How do you convince the management of a rockin' virtuoso pianist to incorporate video into a tour? Lighting designer Daniel K. Boland (the K stands for Kamiano — a tribute to Father Damien, Dan's father's hero and advocate for the leper colonies in Hawaii) had just that challenge before Tori Amos' Original Sinsuality Tour to support her latest album, The Beekeeper.

But video for a tour that doesn't even include an accompanying band, as her previous tours have (her last tour included a bassist and drummer)? Has the whole “media server thing” gotten a little overkill?

Well, if you're Boland, it's just the beginning for this artist. His mission was to incorporate video while staying within his original moving light budget. And being economical for this tour meant swapping out almost half the moving lights he normally uses for Amos — around 24 — for an Mbox media server, eight High End Systems x.Spots® and six Studio Beams® for effects, and five ETC Source Four® 19° ellipsoidals for back and key lighting. Everything is run from an MA Lighting grandMA via Ethernet through the ARTnet box with a PC as a backup console.

Boland has been Amos' longtime one-stop lighting shop since 1998: design, programming, and direction — all three-in-one, required by this accomplished singer/ songwriter who changes her set list drastically every night to accurately represent her 300-plus repertoire of songs, and that doesn't include the covers she decides to do a couple of hours before show time.

And when we say “right before the show,” there's no messing around. “Does anyone have ‘Killer Queen’ on an iPod?” Amos politely asks into the mic at around 6:05pm (venue doors are set to open at 6:30pm). That's the talent trying to add a last minute cover to the set list. Tight scheduling — very tight.

It's so tight that Boland does more than tweak the show night after night. In fact, he programs more than half of each evening's performance during sound check, while Amos is practicing and finalizing a set list. Using a media server actually made the normal process much easer for this tour.

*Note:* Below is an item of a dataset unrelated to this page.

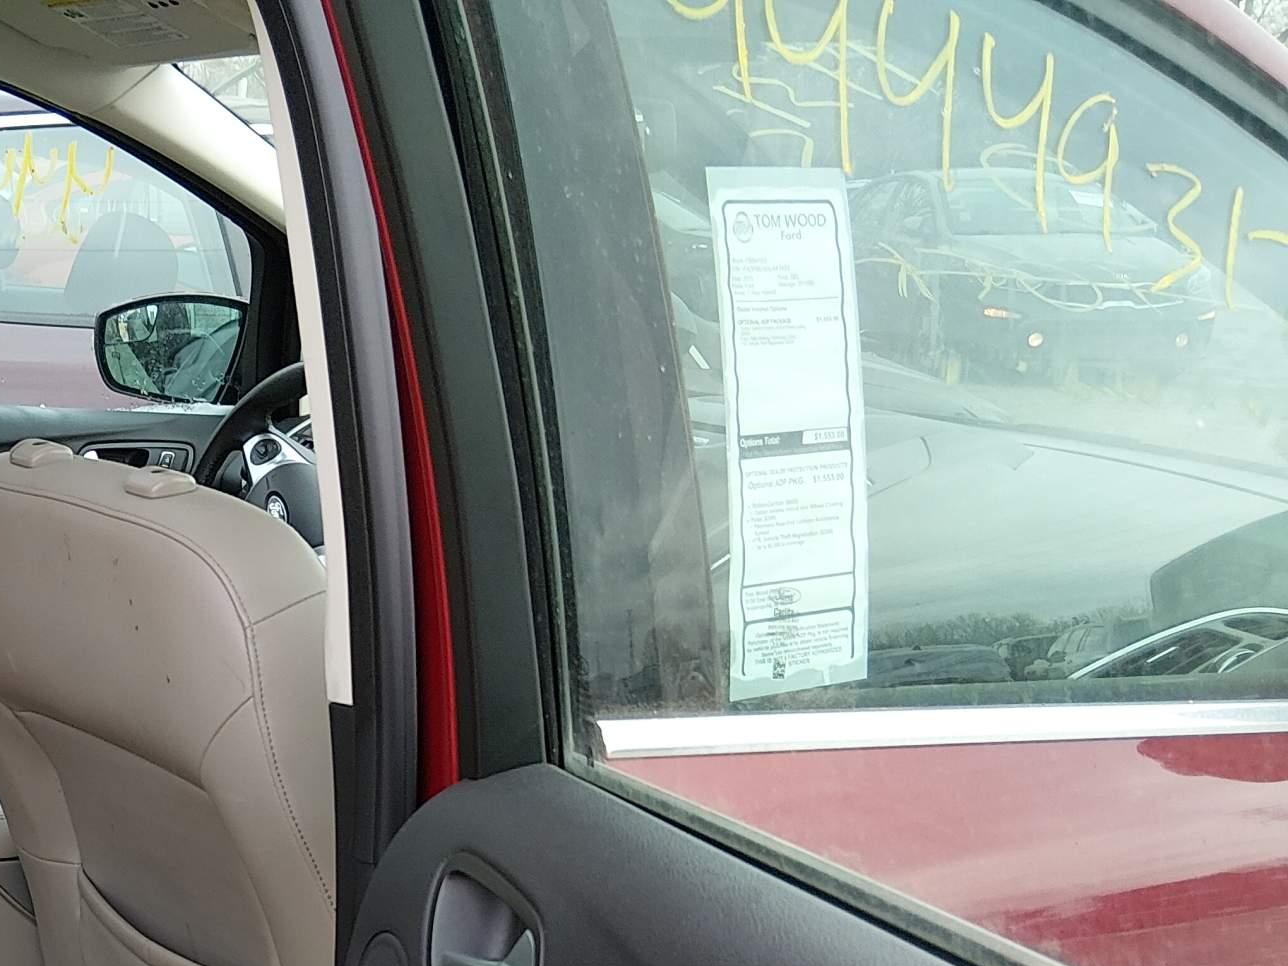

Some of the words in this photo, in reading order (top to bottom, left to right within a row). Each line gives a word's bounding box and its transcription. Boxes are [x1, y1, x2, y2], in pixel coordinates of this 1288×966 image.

“When you have an arsenal of images right there in a box, and you can just fill the screen immediately, it makes programming that close to the show a much smoother process,” he says. “I tweak even the songs that I've had programmed since the beginning of the tour every single day, at least for timing. It just depends on how she plays it, because it gets different as the tour evolves. I can hear that her timing is changing, so if it's slowed, I just go in through the timing window and add a couple seconds to it, so it blends nicely.”

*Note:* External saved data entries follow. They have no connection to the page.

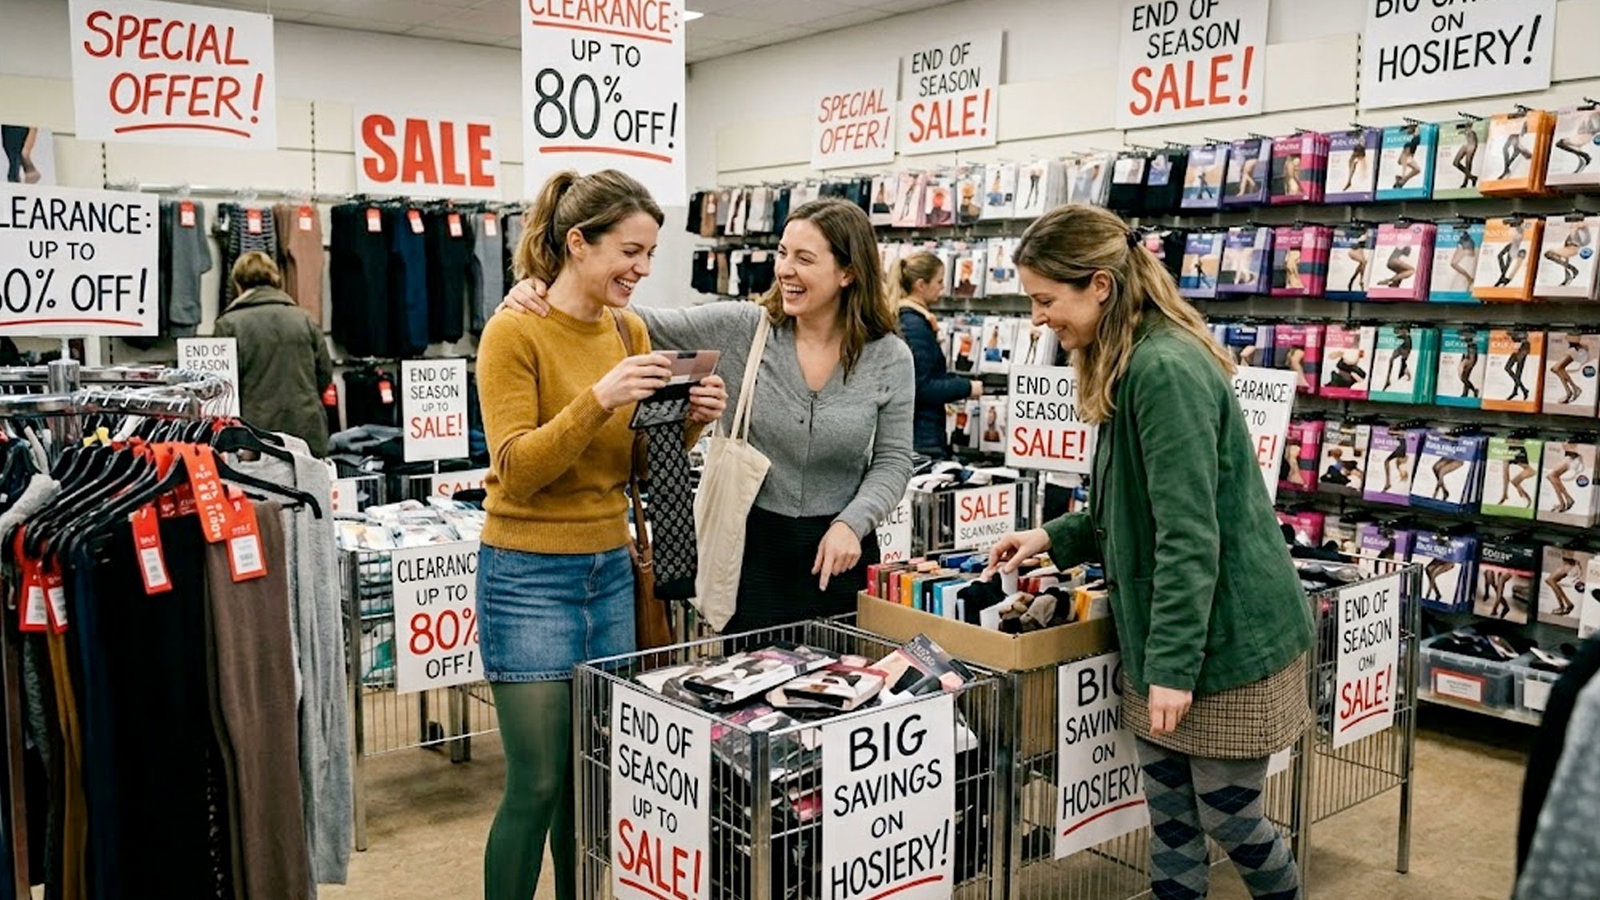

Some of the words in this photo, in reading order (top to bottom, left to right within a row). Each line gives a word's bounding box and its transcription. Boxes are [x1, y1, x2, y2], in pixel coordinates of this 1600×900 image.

[1132, 0, 1178, 32] END
[1431, 12, 1464, 33] ON
[84, 11, 249, 65] SPECIAL
[571, 38, 600, 61] UP
[610, 44, 641, 67] TO
[1147, 19, 1240, 59] SEASON
[1378, 14, 1542, 82] HOSIERY!
[912, 49, 943, 74] END
[949, 42, 971, 66] OF
[919, 67, 981, 97] SEASON
[1129, 45, 1254, 116] SALE!
[109, 73, 263, 124] OFFER!
[534, 68, 622, 139] 80%
[613, 102, 677, 149] OFF!
[818, 88, 888, 123] SPECIAL
[909, 88, 990, 143] SALE!
[361, 114, 495, 187] SALE
[820, 116, 890, 154] OFFER!
[0, 196, 151, 234] EARANCE:
[29, 241, 58, 259] UP
[66, 243, 95, 260] TO
[0, 268, 56, 313] 0%
[71, 267, 147, 315] OFF!
[185, 345, 209, 357] END
[212, 345, 227, 356] OF
[186, 360, 230, 371] SEASON
[410, 368, 437, 383] END
[439, 367, 457, 381] OF
[410, 385, 459, 400] SEASON
[1016, 375, 1051, 395] END
[421, 402, 436, 412] UP
[436, 402, 449, 411] TO
[1015, 400, 1081, 422] SEASON
[1252, 410, 1267, 426] TO
[410, 414, 463, 440] SALE!
[1012, 426, 1086, 461] SALE!
[960, 490, 1009, 523] SALE
[398, 552, 478, 583] CLEARANC
[416, 588, 440, 606] UP
[445, 584, 468, 602] TO
[1344, 595, 1370, 623] END
[1373, 589, 1389, 614] OF
[1344, 617, 1392, 654] SEASON
[425, 651, 474, 679] OFF!
[1340, 663, 1392, 720] SALE!
[620, 702, 659, 745] END
[666, 723, 693, 759] OF
[1065, 705, 1122, 745] SAVIN
[850, 714, 927, 772] BIG
[1092, 742, 1115, 764] ON
[618, 744, 699, 809] SEASON
[833, 758, 942, 817] SAVINGS
[1062, 763, 1143, 820] HOSIERY
[633, 794, 652, 819] UP
[657, 806, 678, 833] TO
[871, 811, 903, 838] ON
[617, 818, 702, 900] SALE!
[831, 818, 949, 900] HOSIERY!

Boland is no stranger to the use of video. “I had used the NEV system before,” he adds, “and the way it came about for this tour, to be honest, was because Tori has so many songs she can possibly do. Since this is a solo tour, and the budget was restricted, it occurred to me that if I had a media server and a bunch of video in addition to gobos, that would just increase my ability 100-fold to make different looks for every song. Since they were being tight on budget, we didn't create any new media, so we used all the stock media. It was a matter of convincing management that it wasn't going to cost anymore for a video guy, setting up the projector, etc. They loved the idea of video, but they wanted to make sure it was cost-effective.”

Once Boland proved he was within budget, and management saw the results, the original skepticism faded. “They were all saying in the beginning, ‘We can't use video for Tori,’” says Boland. “Somehow, I convinced them, and they love it now. They want to add another complete truss to the other side of the stage. I keep it very simple, especially since it's just Tori and her piano.”

But “just Tori and her piano” command quite a presence on stage, both during a show and rehearsals, regardless of simplicity. The artist is more than a little involved with the planning of her production. “Tori is so brilliant that she likes to be concerned with all aspects of her show, including this kind of stuff,” says Boland. “I give her ideas, and she picks one, but she's still very involved. She does such amazingly long sound checks that sometimes, eventually you put something up, and she'll stop to say, ‘Hey, that's cool. What's that?’ So, okay, that will be the song.”

For Original Sinsuality, images of gardens, nature, and femininity were called upon to reflect the themes in the album. “Most of the concept for the design is based on the concept from her album, because all of her albums are always very conceptual. That's what drove the idea of the hexagonal screen. The use of video was just another element to translate that. The use of video did save money on moving lights, but I could also have something behind her I could paint a picture with.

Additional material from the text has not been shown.